If you are reading this in Wales, mark 31 July 2026 in your calendar.
This is the date by which the Commission for Tertiary Education and Research (CETR) will have established a register of providers – the awesome power of a fully operational regulatory system will finally be revealed in the 2027-28 academic year (it’s proposed that CTER uses the current arrangements in the meantime).
This is a delay as compared to previous plans – a statement from Jeremy Miles suggests this is, in part, the result of lobbying (“I have listened to the resounding messages from those most affected by these changes”). Nevertheless, he is clear that he is:
determined to facilitate a smooth and effective transition from the existing arrangements to the new registration system, particularly in terms of the regulatory oversight and the wider impacts on student support and believes it to be imperative there is sufficient time allowed for this to happen.

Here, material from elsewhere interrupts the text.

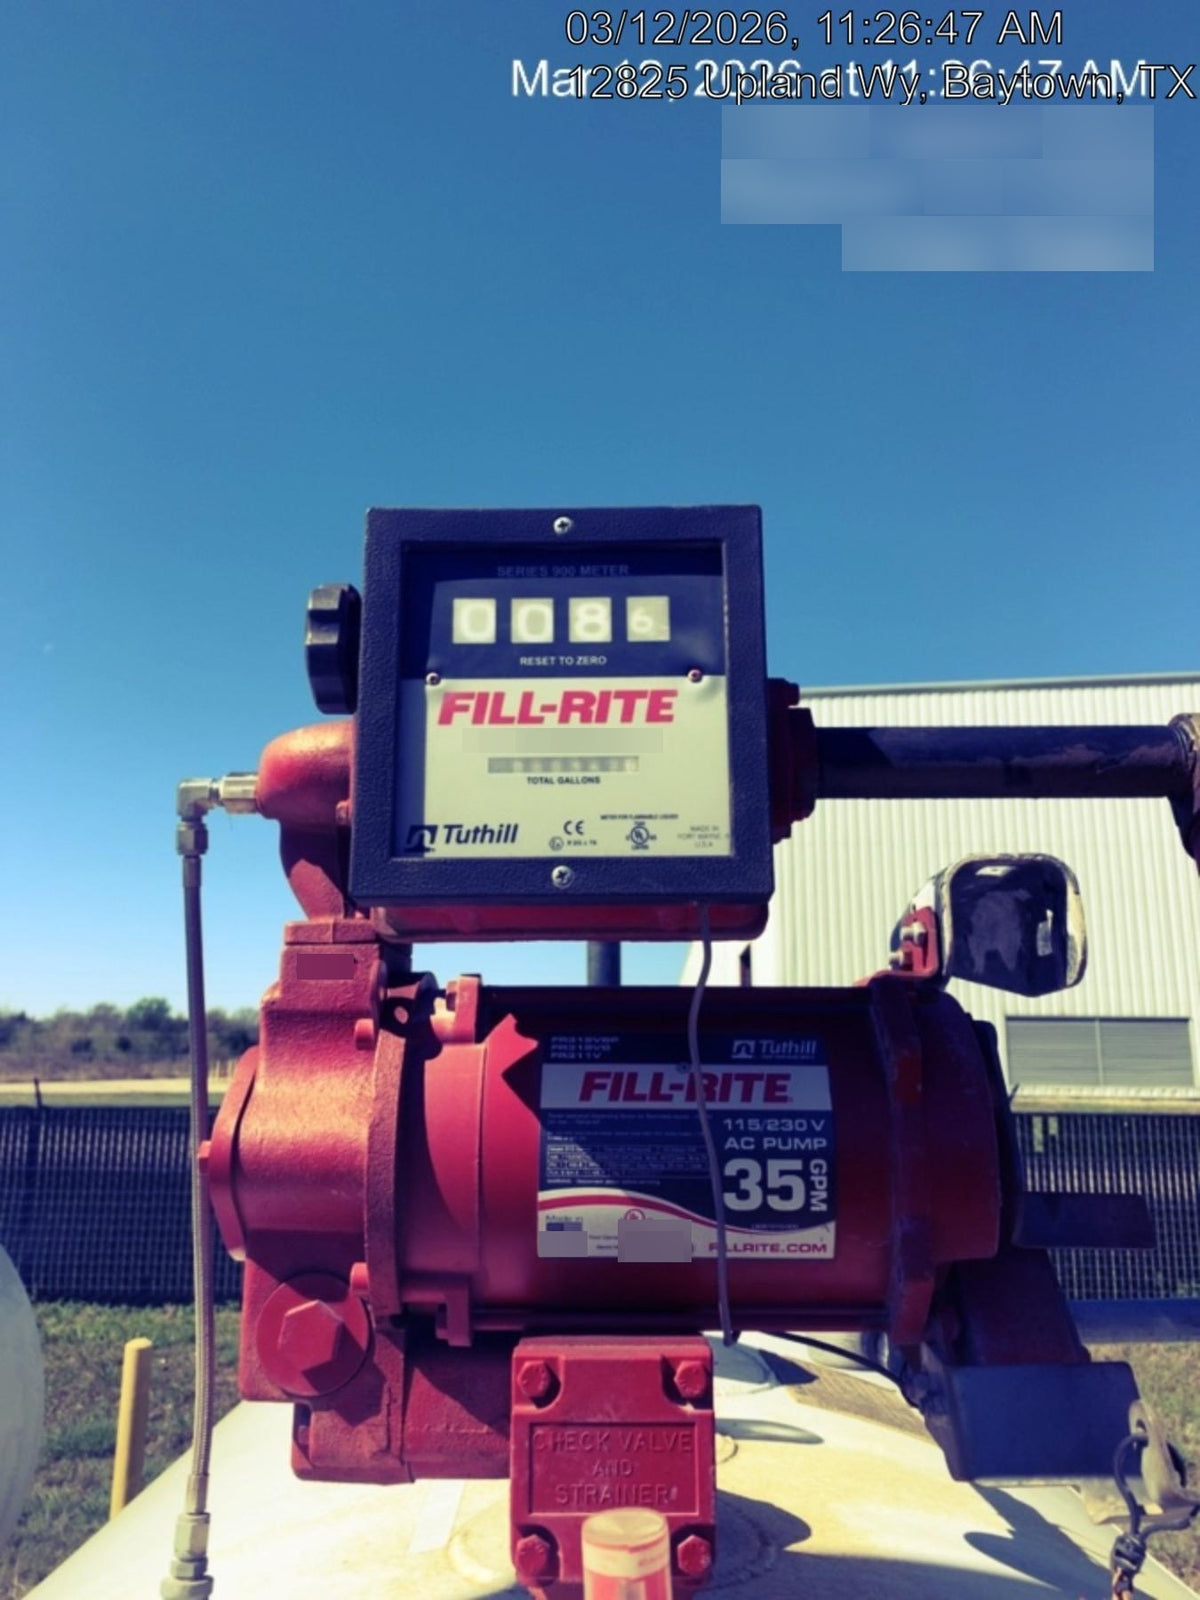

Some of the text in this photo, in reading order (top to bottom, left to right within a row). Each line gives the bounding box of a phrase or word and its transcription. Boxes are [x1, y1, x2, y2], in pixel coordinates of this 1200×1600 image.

In the traditional consensual mode of the Welsh Government, there is a series of consultations and draft regulations to feed back on before then. The first crop, out today, covers the categories of registration available, questions of eligibility (including the peculiar historical wrinkle that is institutional designation), reviewing decisions, and how deregistration would work. But the big question up for debate is whether to put regular quality assessment on a (secondary) legislative footing.
We’ll get to that last bit presently, but here are the other measures.
Core or alternative
The intention is that you’ll initially be able to register as Higher Education (Core) or or Higher Education (Alternative). There is scope for other categories as needed, but for the moment you need to choose one only. The temptation for English observer is to read across from the OfS’ “approved (fee caps)” and “approved” categories – and this makes a certain degree of sense (the Core category is the fee limit category) but there are key differences.

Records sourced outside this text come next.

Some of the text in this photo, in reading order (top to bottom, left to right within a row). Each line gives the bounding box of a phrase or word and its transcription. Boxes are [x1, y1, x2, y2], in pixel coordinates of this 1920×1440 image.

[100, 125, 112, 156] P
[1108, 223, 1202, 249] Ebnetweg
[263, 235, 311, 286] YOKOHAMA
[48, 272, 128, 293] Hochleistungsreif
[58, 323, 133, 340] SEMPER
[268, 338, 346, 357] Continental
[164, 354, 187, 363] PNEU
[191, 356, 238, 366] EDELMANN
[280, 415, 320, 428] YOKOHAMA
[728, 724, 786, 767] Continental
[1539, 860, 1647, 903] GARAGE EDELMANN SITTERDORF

The Core category will be restricted to providers that are charities, and must maintain that status to continue with registration. There are requirements around the provision of information to students that apply to both categories on an initial and ongoing basis, and a common requirement on notifications regarding other changes of status. Both categories come with information requirements broadly comparable to what is on the register in England – I do like the addition of an indicator on validation and franchise arrangements (suggesting that the University of Wales saga still looms large).

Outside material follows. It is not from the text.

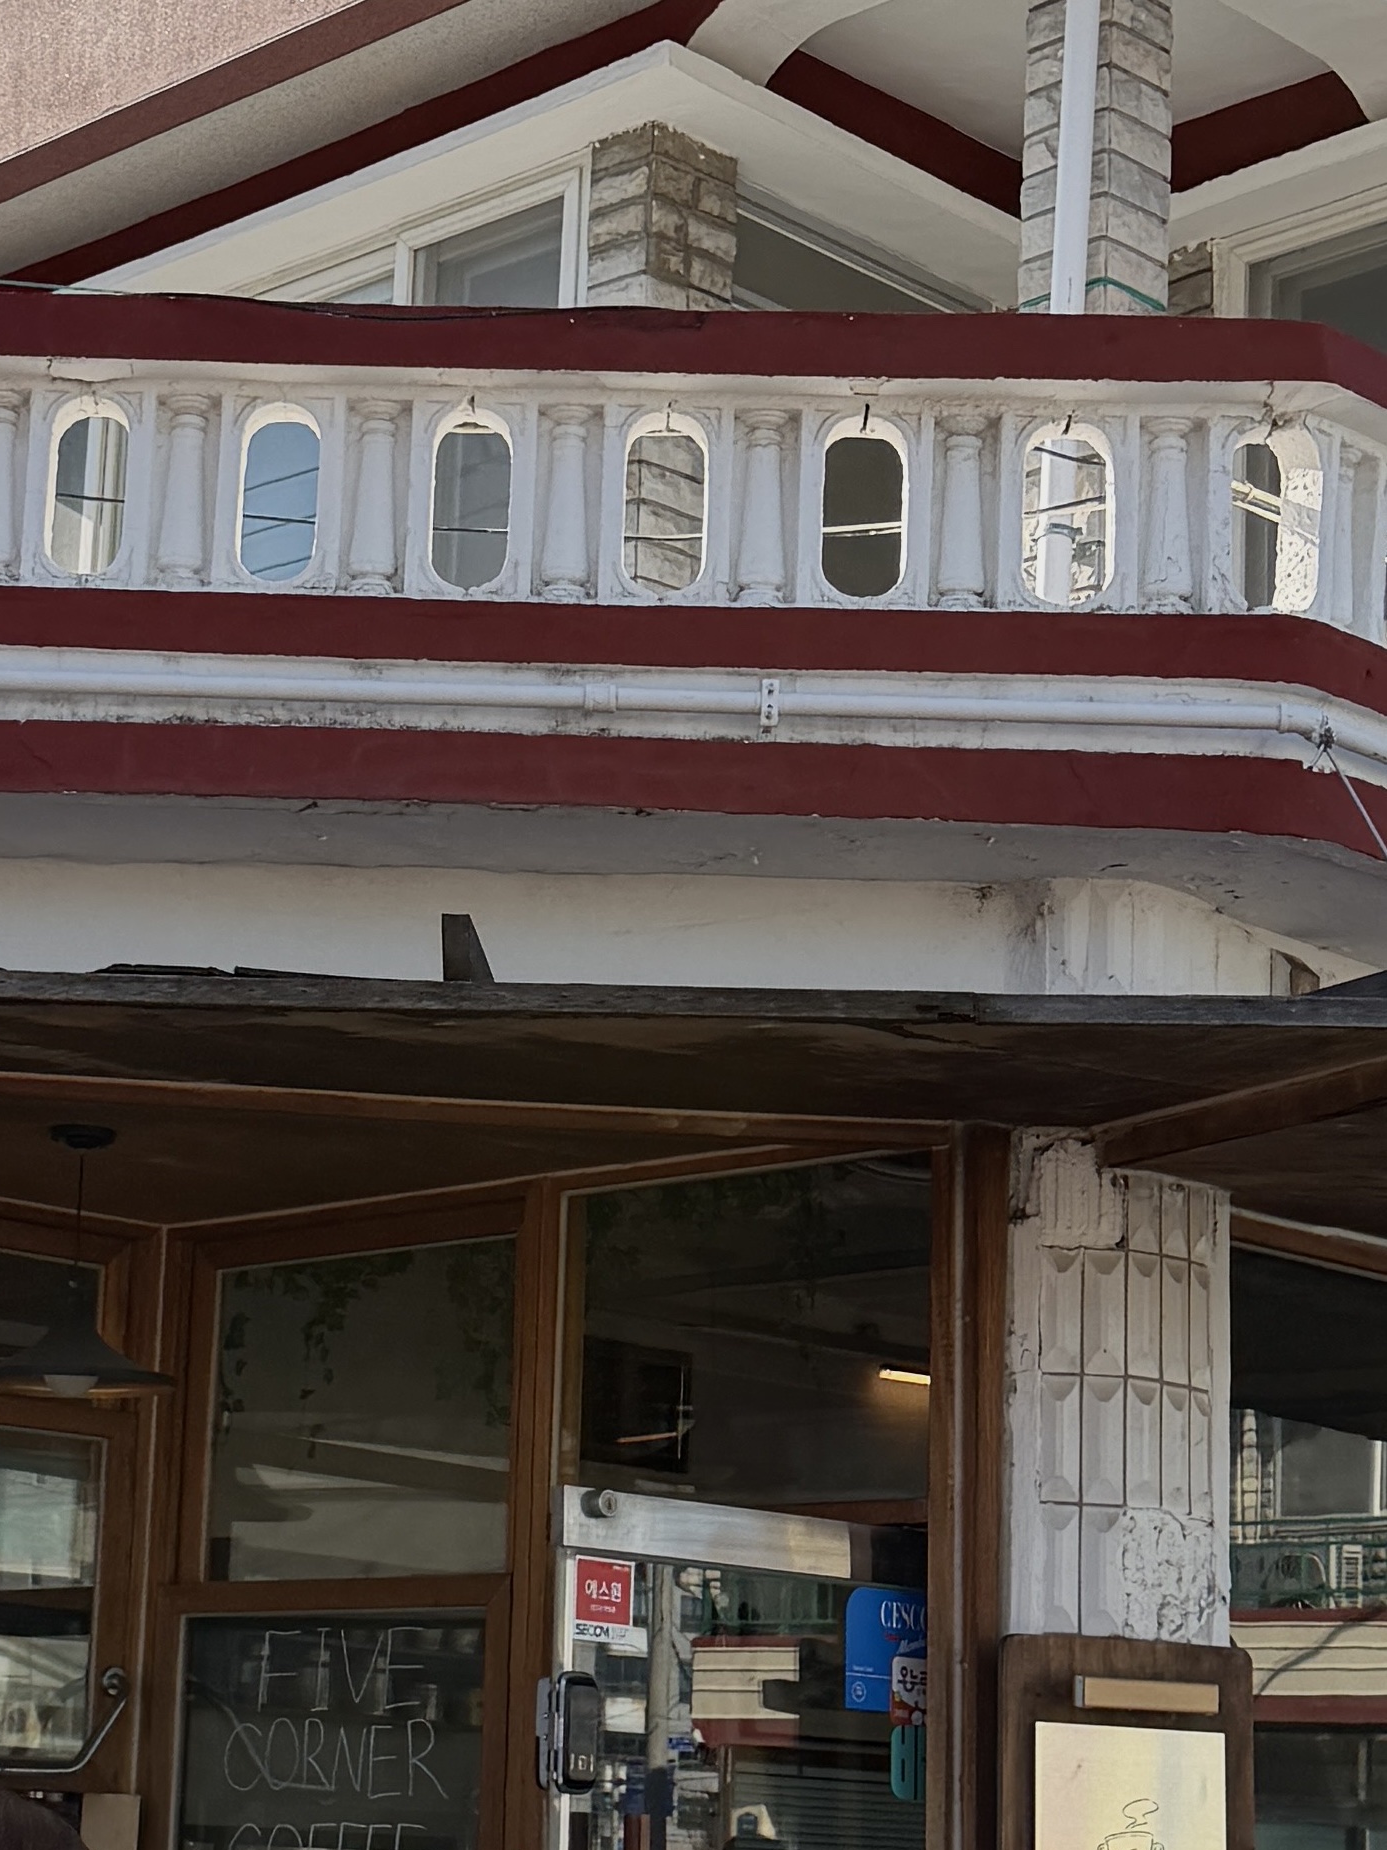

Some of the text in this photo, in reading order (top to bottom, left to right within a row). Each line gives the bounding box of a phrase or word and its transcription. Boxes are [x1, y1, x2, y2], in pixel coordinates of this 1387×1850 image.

Welsh regulation includes the concept of an “institution” – ministers have the power to designate any provider of tertiary education as an institution to get access to the same regulatory status as existing institutions. This has been a thing since 2015, and has never actually been used – no providers have sought the comforting embrace of HEFCW via a direct appeal to politicians. The new regulations would simply replicate this route for the new regime – with the codicil that this does not grant any specific rights (you’d have to apply for registration in the usual way rather than walking straight in).
Reviews and de-registration
No real surprises here – if you don’t fancy continuing as a registered provider, or you want to move from Core to Alternative or vice versa CTER can do that for you – it can also chuck you out if it has a good reason to. The stuff up for consultation is on transitional arrangements – ministers could have the powers to, for example, treat a de-registered provider as being registered (including for oversight and enforcement) for the purposes of supporting continuing students. There’s also a suggestion the commission has to, as a minimum, enforce fee limits, require the supply of information, and undertake quality assessments.
Wales currently cleaves, as does most of the rest of Europe and the UK, to the standard international model of cyclical institutional review. Ministers have the power to make regulations to require that this continues, and to set report publication deadlines. What we have today is a draft set of regulations that do just that – sticking to the current HEFCW and Estyn arrangements of “at least once every six years.”
Respondents are asked to comment on the principle that underpins this decision – aligning higher education with other parts of the post-16 sector.
The consultation ends with a series of questions designed to feed in to the government’s impact assessment – including on the anticipated impact on providers, on equality of opportunity, on places, on Welsh language provision. There’s also a call for useful evidence sources for a cost/benefit analysis.